Il soutient que les moyens soulevés par la requérante ne sont pas fondés.
Vu les autres pièces du dossier.
Vu :
- le décret n° 2010-888 du 28 juillet 2010 ;
- le code de justice administrative.
Les parties ont été régulièrement averties du jour de l'audience.
Ont été entendus au cours de l'audience publique :
- le rapport de Mme Saint-Macary,
- les conclusions de Mme Lipsos, rapporteure publique,
- et les observations de Me Gernez, représentant Mme D..., et de Mme B..., représentant le ministre de l'intérieur et des outre-mer.
Considérant ce qui suit :
1. Mme D..., attachée principale d'administration de l'Etat affectée au bureau du contentieux statutaire et de la protection des fonctionnaires au sein du ministère de l'intérieur, a été reçue en entretien professionnel le 29 mars 2021 en vue de son évaluation au titre de l'année 2020. Elle relève appel du jugement par lequel le tribunal administratif de Paris a rejeté sa demande d'annulation de son compte-rendu d'entretien professionnel.
Sur la régularité du jugement :
2. Aux termes de l'article L. 9 du code de justice administrative : " Les jugements sont motivés ".
3. D'une part, Mme D... ne précise pas en quoi le point 4 du jugement attaqué serait insuffisamment motivé. Par ce point 4, le tribunal a, en tout état de cause, écarté comme inopérant un moyen auquel il n'était pas tenu de répondre. D'autre part, pour écarter le moyen tiré de l'erreur manifeste d'appréciation dont seraient entachées les appréciations de son compte-rendu d'entretien professionnel, le tribunal, qui n'était pas tenu de répondre à l'ensemble des arguments de Mme D..., a retenu qu'elle n'avait produit que soixante-trois mémoires dans l'année évaluée et a écarté son argumentation tendant à expliquer sa production par le peu de dossiers qui lui étaient attribués. Il a, ce faisant, suffisamment motivé son jugement.

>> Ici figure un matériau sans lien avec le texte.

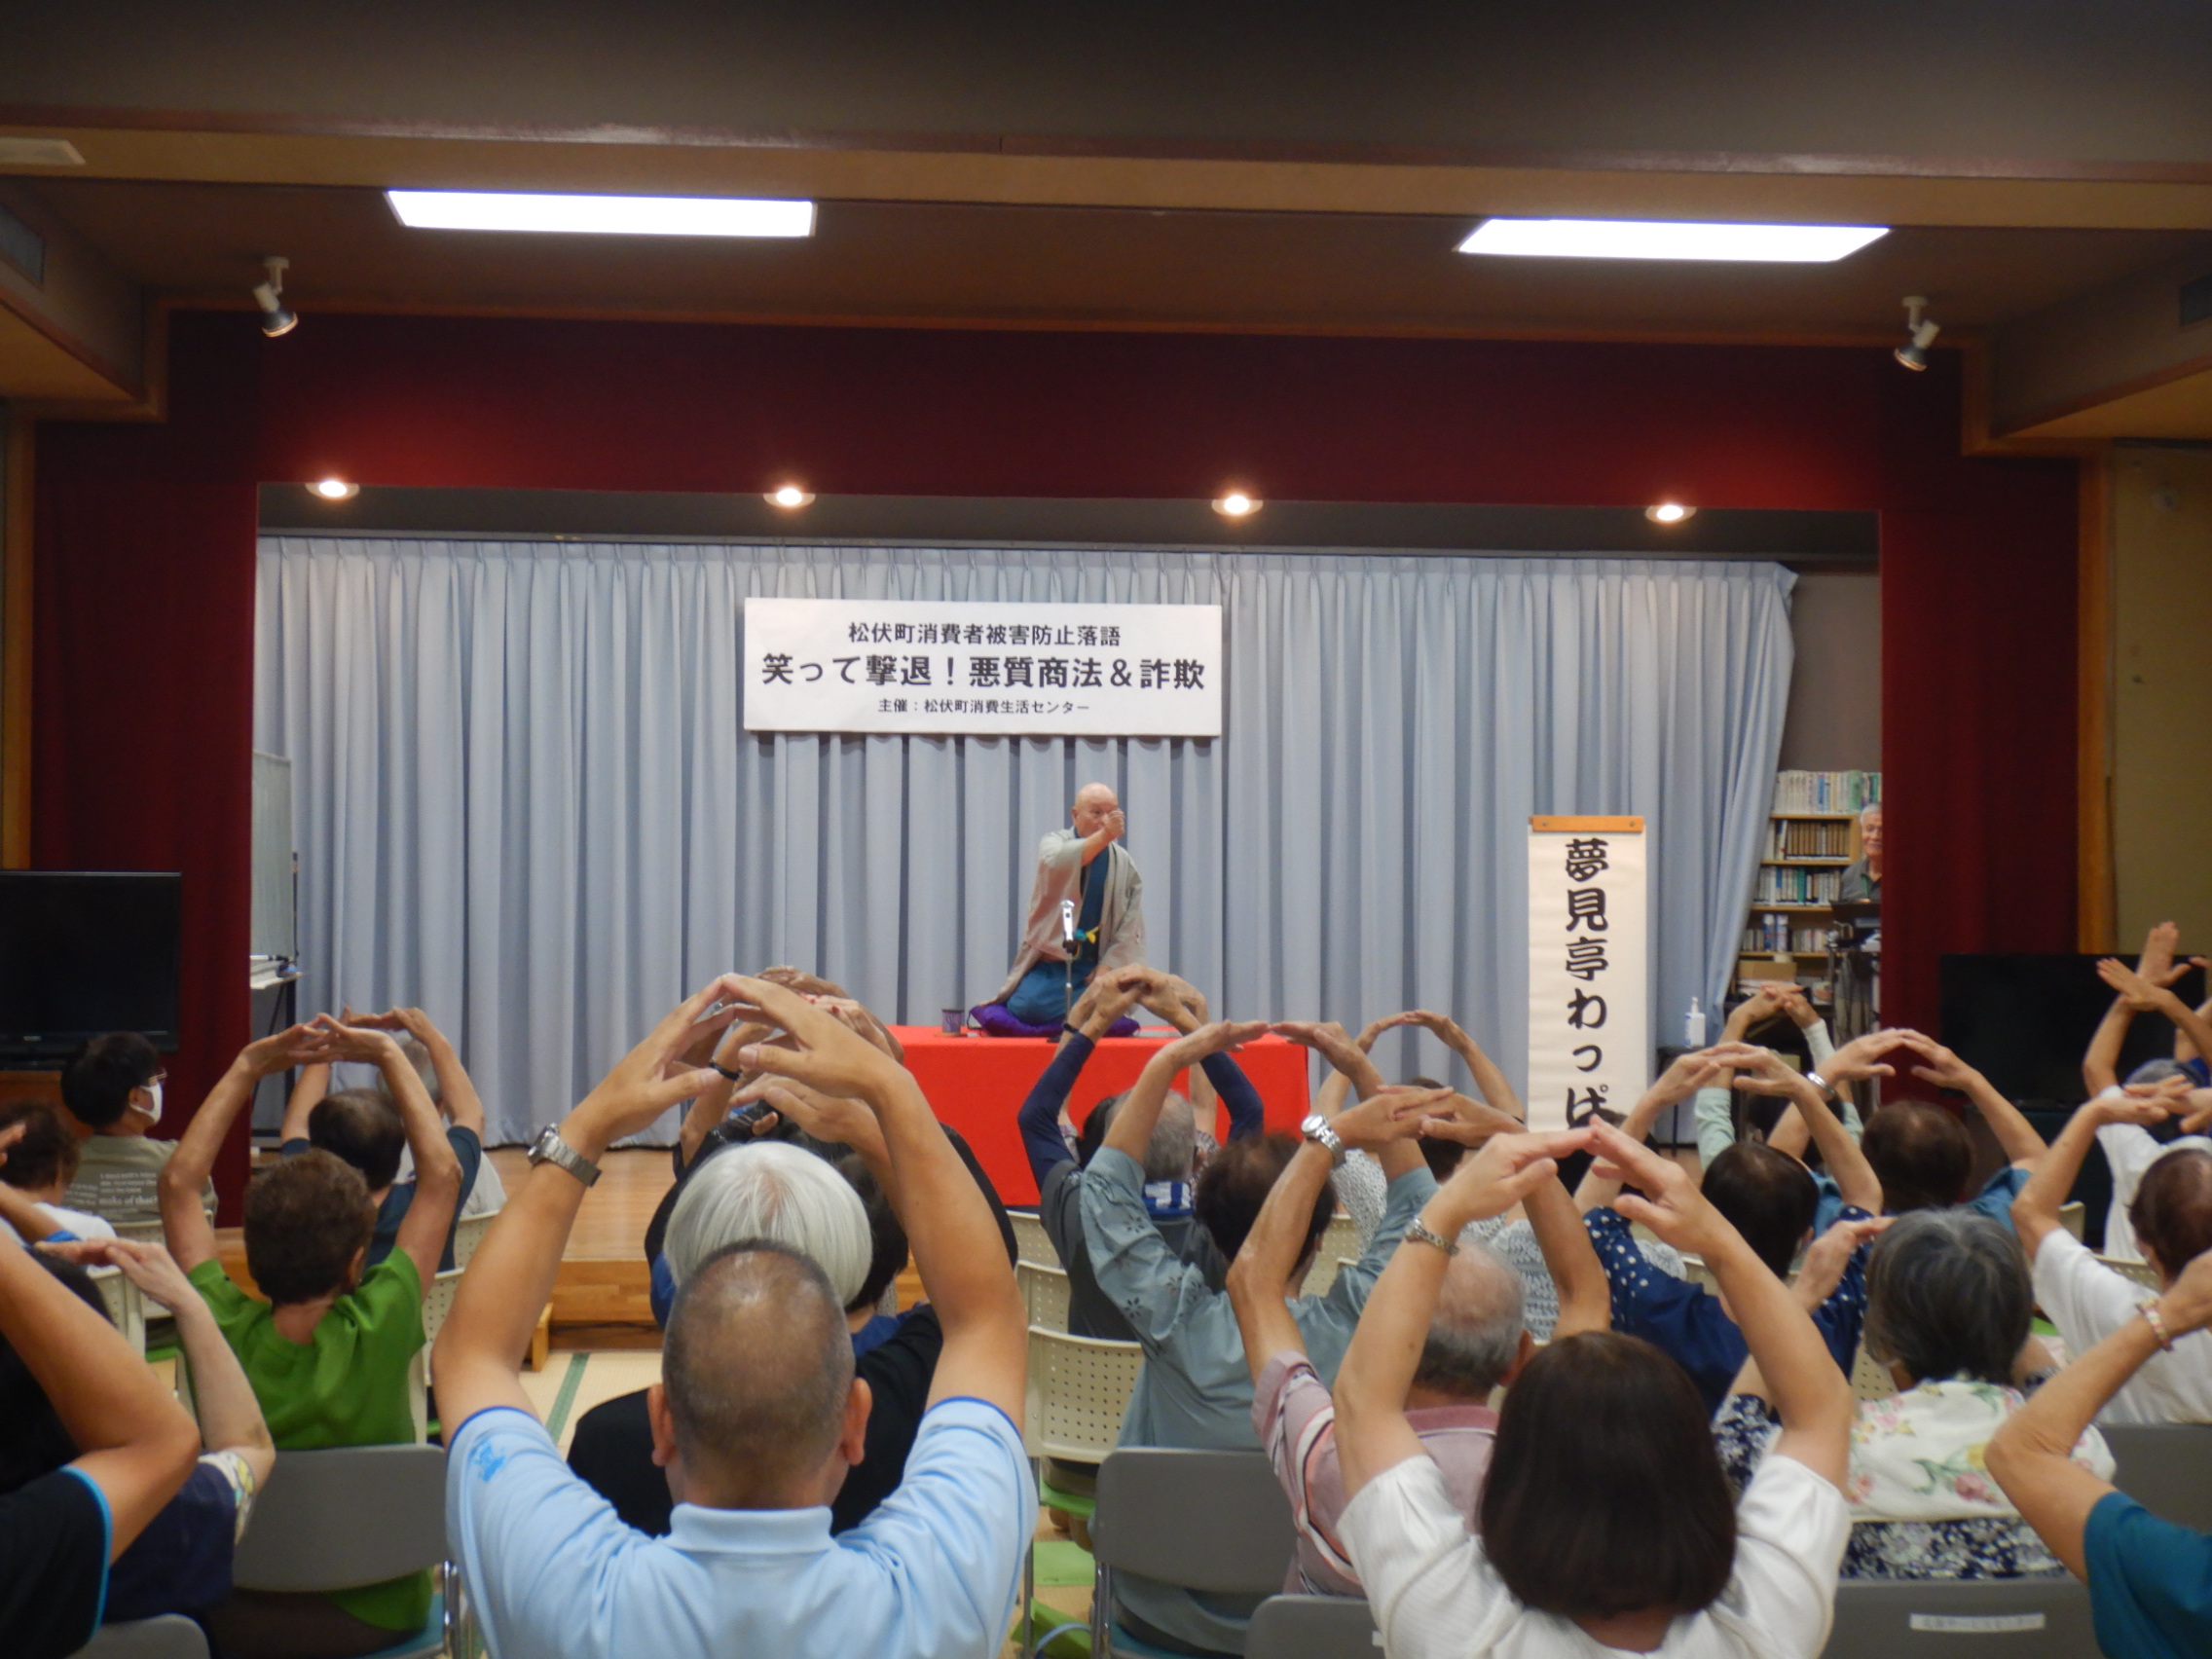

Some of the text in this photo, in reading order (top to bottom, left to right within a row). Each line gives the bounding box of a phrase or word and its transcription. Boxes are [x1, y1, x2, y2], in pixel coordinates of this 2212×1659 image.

[848, 622, 1121, 646] 松伏町消費者被害防止落語
[761, 653, 1205, 689] 笑って撃退！悪質商法＆詐欺

Sur le bien-fondé du jugement :
4. En premier lieu, aux termes de l'article 2 du décret du 28 juillet 2010 relatif aux conditions générales de l'appréciation de la valeur professionnelle des fonctionnaires de l'Etat : " Le fonctionnaire bénéficie chaque année d'un entretien professionnel qui donne lieu à compte rendu. / Cet entretien est conduit par le supérieur hiérarchique direct (...) ". Aux termes de l'article 4 du même décret : " Le compte rendu de l'entretien professionnel est établi et signé par le supérieur hiérarchique direct du fonctionnaire. Il comporte une appréciation générale exprimant la valeur professionnelle de ce dernier. / Il est communiqué au fonctionnaire qui le complète, le cas échéant, de ses observations. / Il est visé par l'autorité hiérarchique qui peut formuler, si elle l'estime utile, ses propres observations (...) ".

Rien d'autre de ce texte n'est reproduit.